#### PROVIDED RECORDS
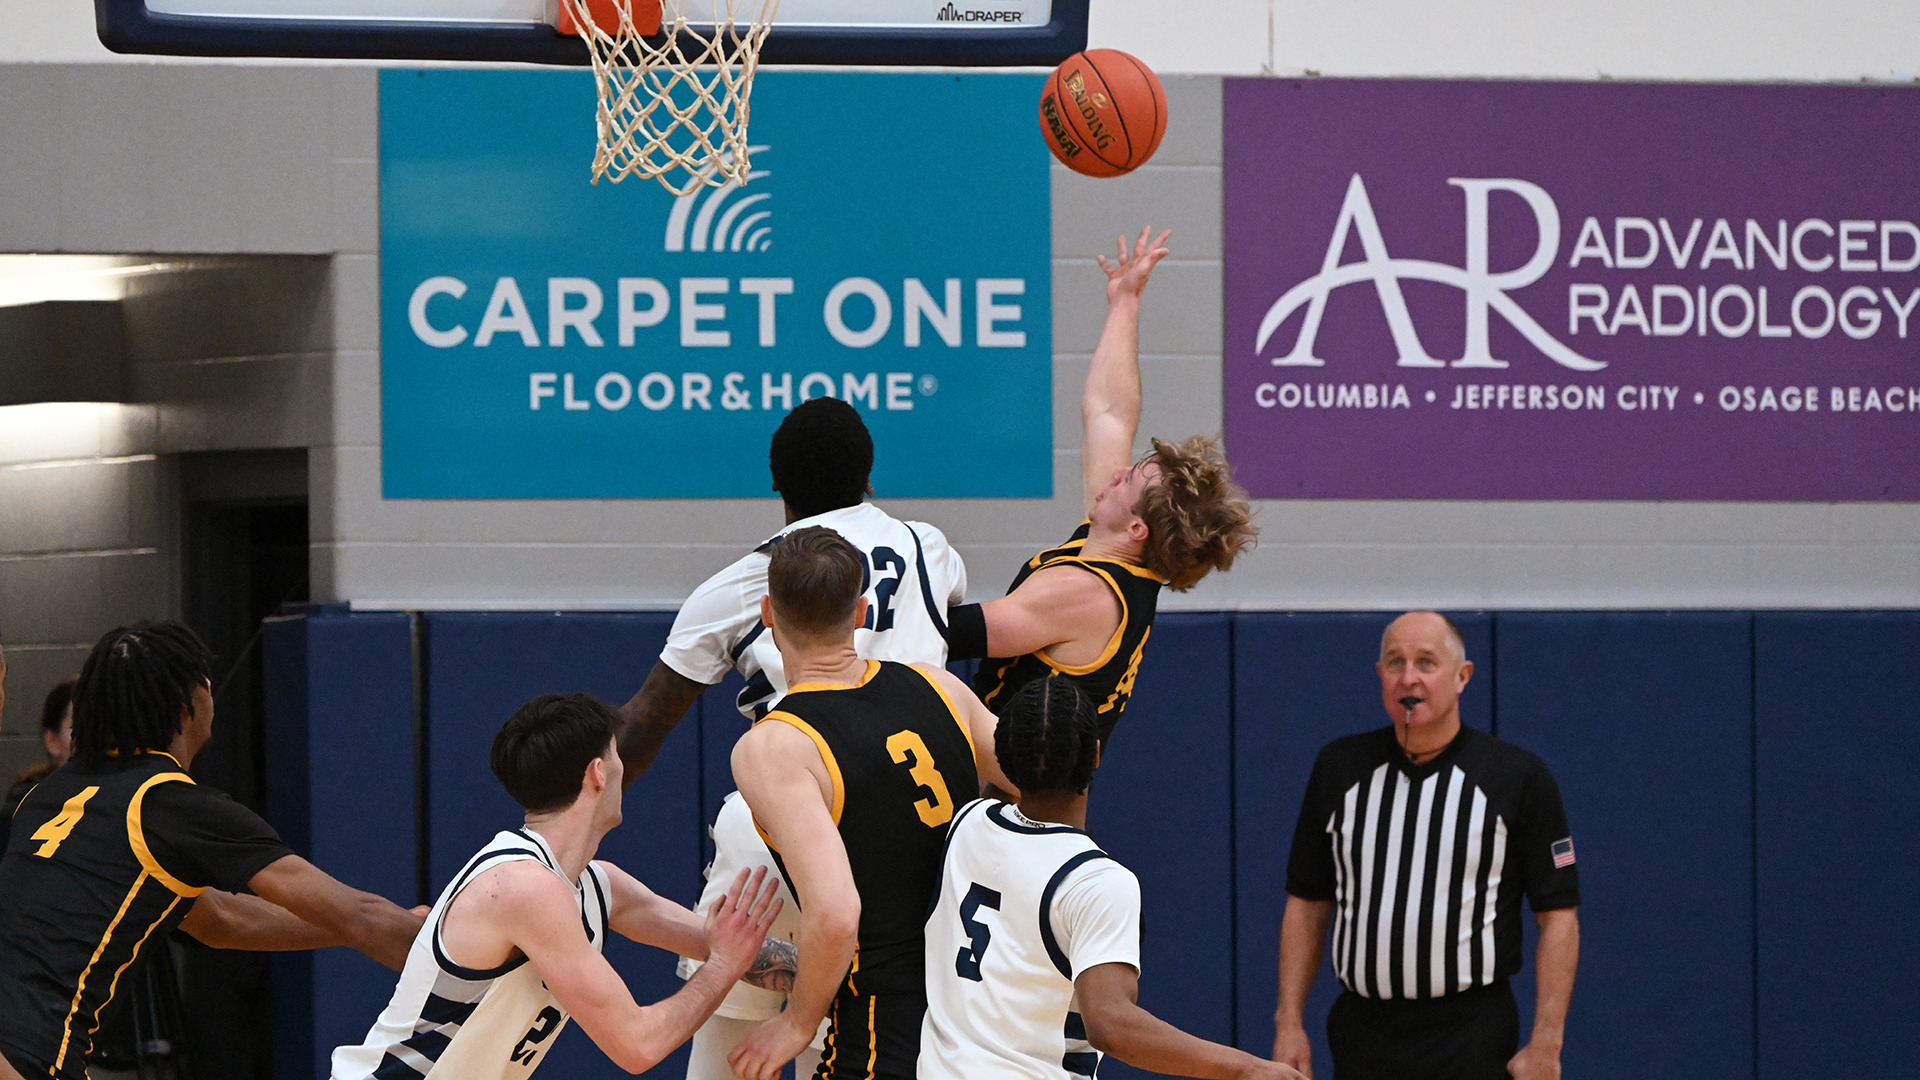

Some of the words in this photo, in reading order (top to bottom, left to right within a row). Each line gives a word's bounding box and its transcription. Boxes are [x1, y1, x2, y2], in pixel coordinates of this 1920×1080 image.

[965, 10, 1022, 23] DRAPER
[1062, 68, 1116, 150] SPALDING
[1256, 173, 1608, 370] AR
[1569, 217, 1920, 272] ADVANCED
[408, 276, 794, 348] CARPET
[824, 277, 1027, 349] ONE
[1569, 284, 1920, 340] RADIOLOGY
[1255, 382, 1411, 409] COLUMBIA
[1451, 384, 1605, 410] JEFFERSON
[1616, 385, 1679, 411] CITY
[1719, 386, 1818, 412] OSAGE
[885, 729, 954, 828] 3
[29, 785, 100, 859] 4
[955, 882, 1002, 983] 5
########
WORK INSTRUCTION
Retype every entry above exactly, leaving out the pictures.

OUTPUT OF THE TASK
Some of the words in this photo, in reading order (top to bottom, left to right within a row). Each line gives a word's bounding box and its transcription. Boxes are [x1, y1, x2, y2], in pixel coordinates of this 1920×1080 image.

[965, 10, 1022, 23] DRAPER
[1062, 68, 1116, 150] SPALDING
[1256, 173, 1608, 370] AR
[1569, 217, 1920, 272] ADVANCED
[408, 276, 794, 348] CARPET
[824, 277, 1027, 349] ONE
[1569, 284, 1920, 340] RADIOLOGY
[1255, 382, 1411, 409] COLUMBIA
[1451, 384, 1605, 410] JEFFERSON
[1616, 385, 1679, 411] CITY
[1719, 386, 1818, 412] OSAGE
[885, 729, 954, 828] 3
[29, 785, 100, 859] 4
[955, 882, 1002, 983] 5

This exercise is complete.